Je n’avais plus ni mère, ni père, ni voix.

Écrire alors que ma première vie m’a laissé sans voix.

Mon grand-père paternel était toujours de ce monde et quand il sut que je travaillais à la gare de Pontorson, il s’empressa de venir me voir avec un chargement de meubles dans une charrette.

 - Ce sont les meubles de tes parents. Je les garde pour toi dans une remise depuis bientôt 20 ans. J’aimerais bien que tu m’en débarrasses.

Ni bonjour ni embrassade, je n’eus aucune difficulté à reconnaître l’aménité de mon grand-père Lemétayer.

 - Je vais voir le chef de gare et lui demander l’autorisation de m’absenter une heure. J’ai loué une chambre chez madame Cormerais, rue des Fossés. Nous déposerons les meubles là-bas et tu pourras rentrer à Tanis.
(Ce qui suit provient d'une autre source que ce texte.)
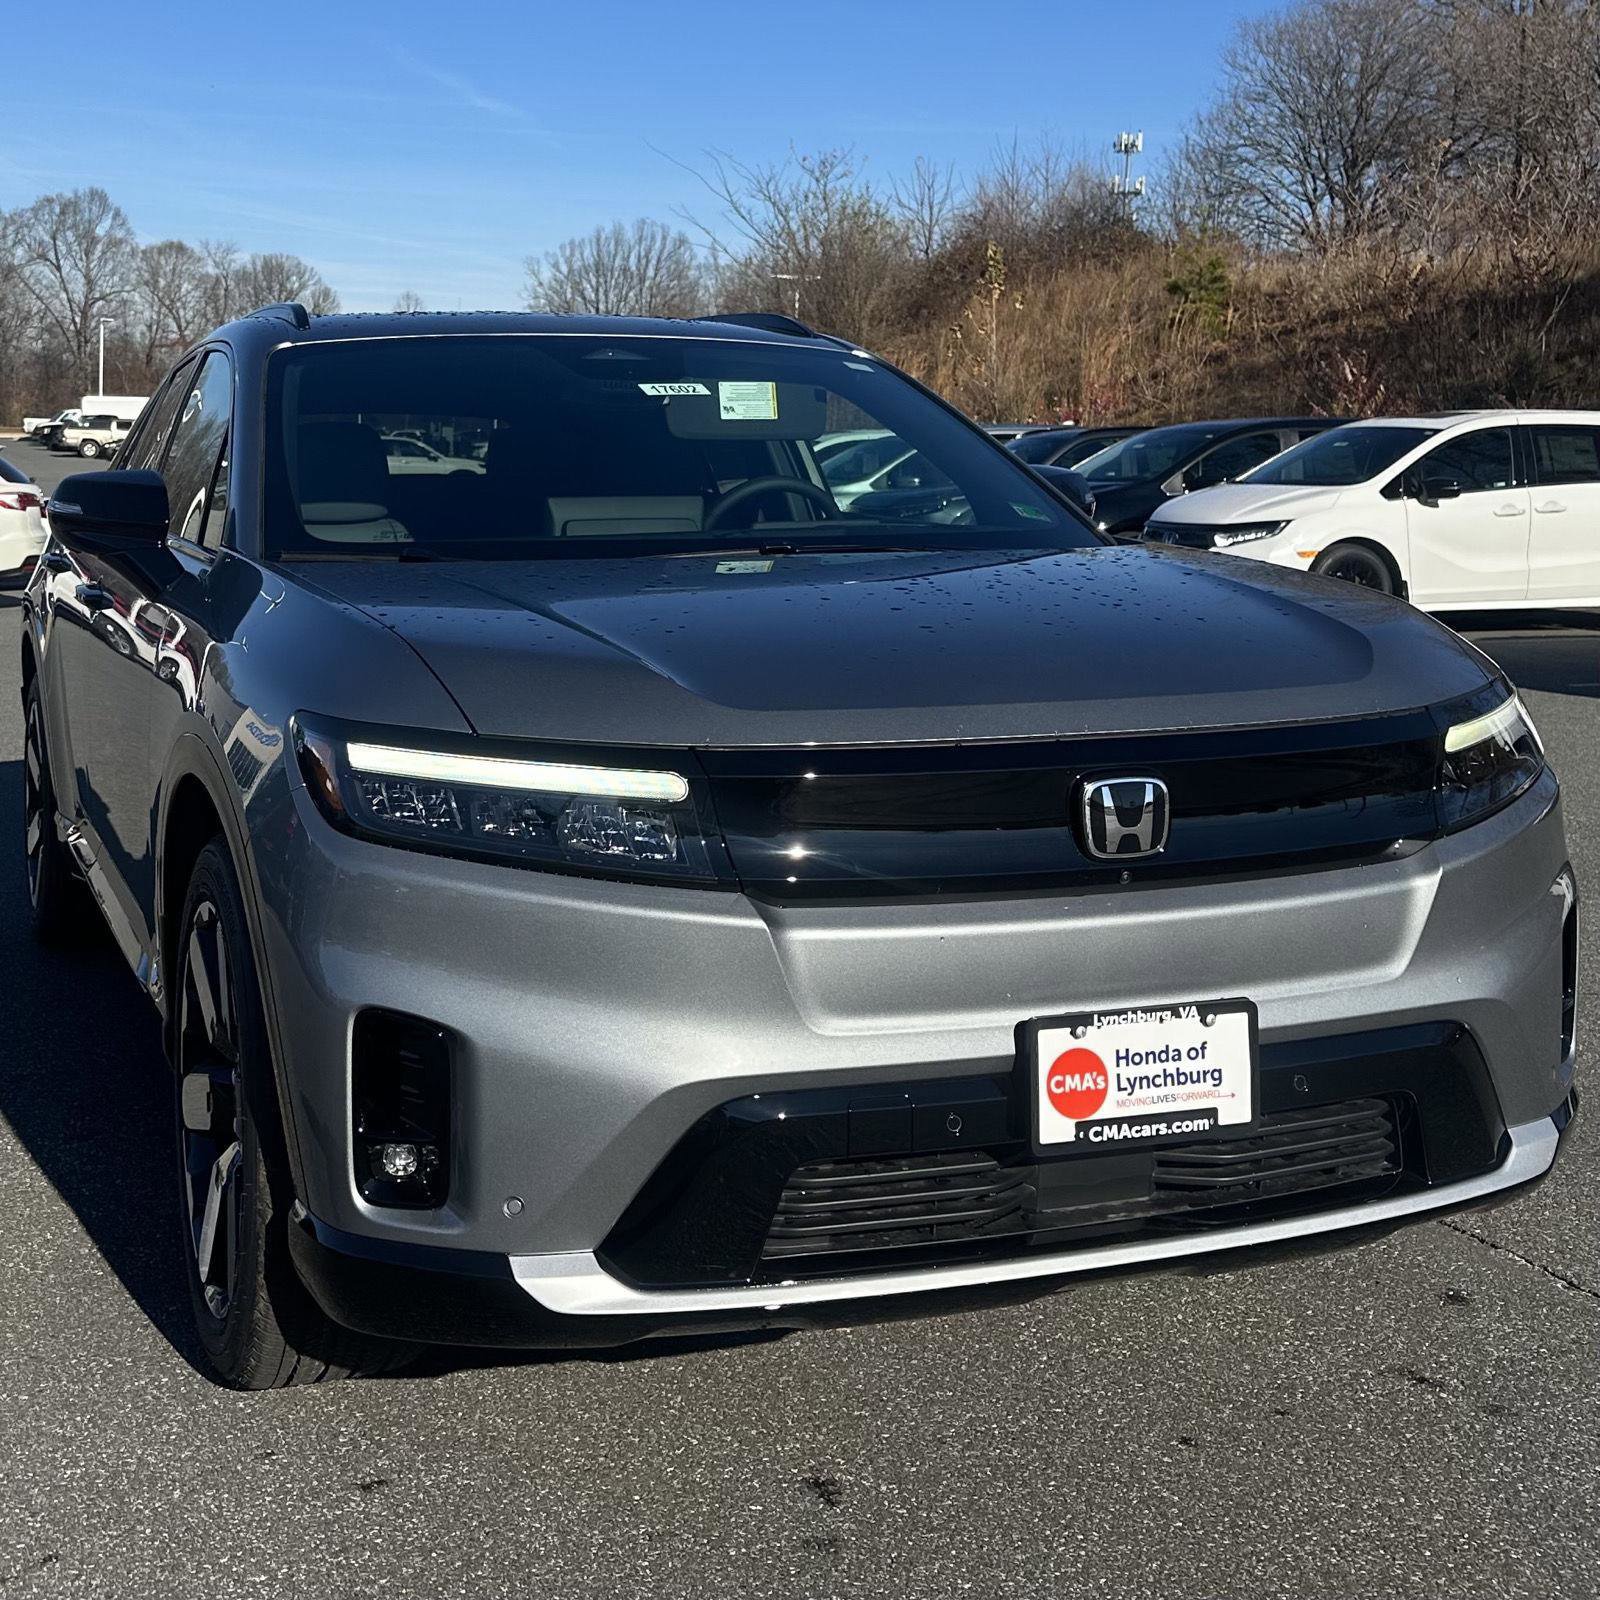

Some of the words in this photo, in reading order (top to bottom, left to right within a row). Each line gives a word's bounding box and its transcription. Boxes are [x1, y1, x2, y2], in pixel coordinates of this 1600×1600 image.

[650, 384, 701, 394] 17602
[1178, 1005, 1201, 1021] VA
[1115, 1044, 1182, 1068] Honda
[1186, 1041, 1207, 1061] of
[1050, 1071, 1106, 1095] CMA's
[1116, 1067, 1223, 1096] Lynchburg
[1088, 1117, 1210, 1143] CMAcars.com
Ma proposition fut approuvée par un grognement. Le chef de gare me laissa partir avec mon grand-père et nous prîmes le chemin de la rue des Fossés en passant par la rue Saint-Michel et la place de l’Église. Nous arrivâmes devant la maison basse où je logeais. On y entrait par une porte à double battant qui ouvrait sur un passage conduisant à un logis mitoyen de celui de Madame Cormerais. Pour atteindre ce petit bâtiment il fallait passer devant celui qu’occupait ma logeuse. Le jardin de cette dernière se trouvait en face de la porte de sa cuisine. Il n’y avait guère d’intimité dans ce logis d’autant que les toilettes se trouvaient au fond du potager et qu’il n’était guère possible de s’y rendre discrètement. Les occupants de la maison mitoyenne pouvaient emprunter à tout moment le passage vers la porte commune sur la rue.
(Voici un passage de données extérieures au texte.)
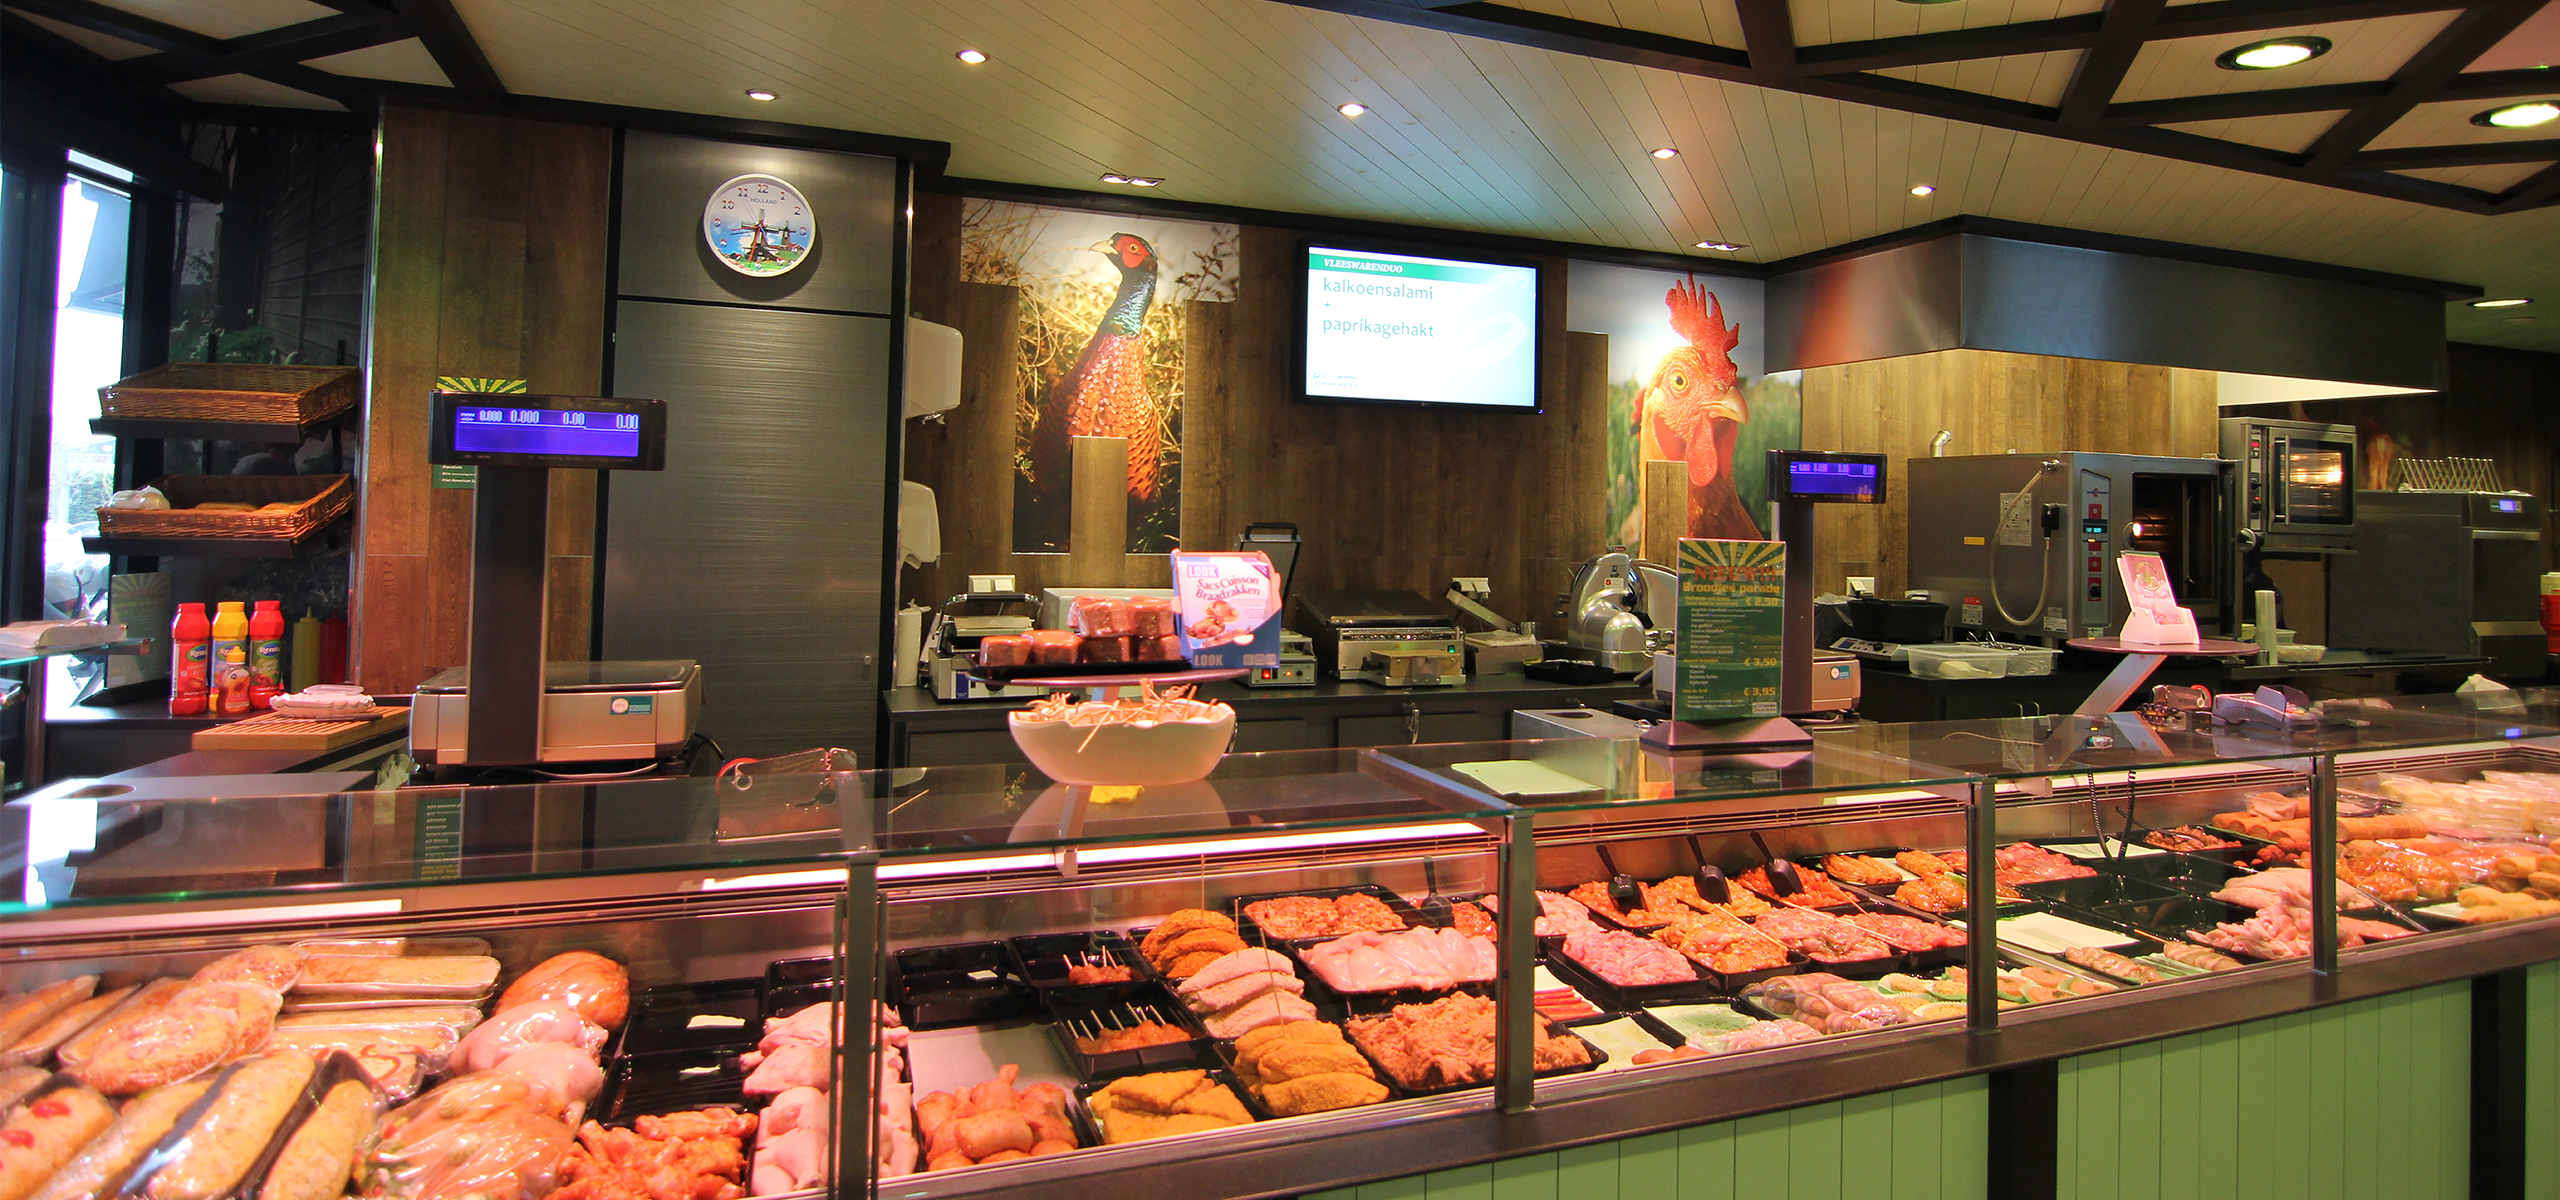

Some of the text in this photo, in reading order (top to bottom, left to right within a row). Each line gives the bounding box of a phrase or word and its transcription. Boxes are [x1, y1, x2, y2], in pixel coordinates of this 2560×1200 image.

[738, 187, 748, 197] 11
[757, 184, 769, 194] 12
[722, 200, 735, 210] 10
[750, 197, 778, 205] HOLLAND
[794, 206, 801, 215] 2
[1323, 258, 1404, 274] VLEESWARENDUO
[1323, 277, 1434, 300] kalkoensalami
[1323, 318, 1434, 339] paprikagehakt
[510, 409, 540, 424] 0.000
[562, 411, 585, 426] 0.00
[616, 413, 639, 430] 0.00
[1188, 565, 1218, 577] LOOK
[1694, 565, 1777, 582] NIEUW!!!
[1196, 575, 1259, 590] Sacs Cuisson
[1195, 584, 1260, 601] Braadzakken
[1682, 581, 1782, 597] Broodjes parade
[1754, 597, 1779, 607] 2,50
[1194, 654, 1224, 667] LOOK
[1753, 657, 1778, 667] 3,50
[1752, 687, 1777, 697] 3,95
Madame Cormerais occupait au rez-de-chaussée la cuisine et une chambre attenante qui donnait sur la rue des Fossés par une porte condamnée et une petite fenêtre. Le logis était sombre et humide car construit sur ce que furent sans doute les douves de l’ancien château de Pontorson rasé au Dix-septième siècle. Pour accéder à ma chambre, on empruntait dans la cuisine, à droite de la porte, un escalier étroit. Mon grand-père refusa de m’aider à monter les meubles prétextant un tour de reins et me proposa de les déposer sous l’appentis sur lequel s’ouvrait la porte d’entrée. Un bahut, une table ovale à abattants, quatre chaises, un lit, le tout en merisier. Tel était mon héritage parental. Il me fallut négocier avec ma logeuse pour qu’elle accepte de retirer ses meubles de ma chambre et que je puisse installer les miens à la place.  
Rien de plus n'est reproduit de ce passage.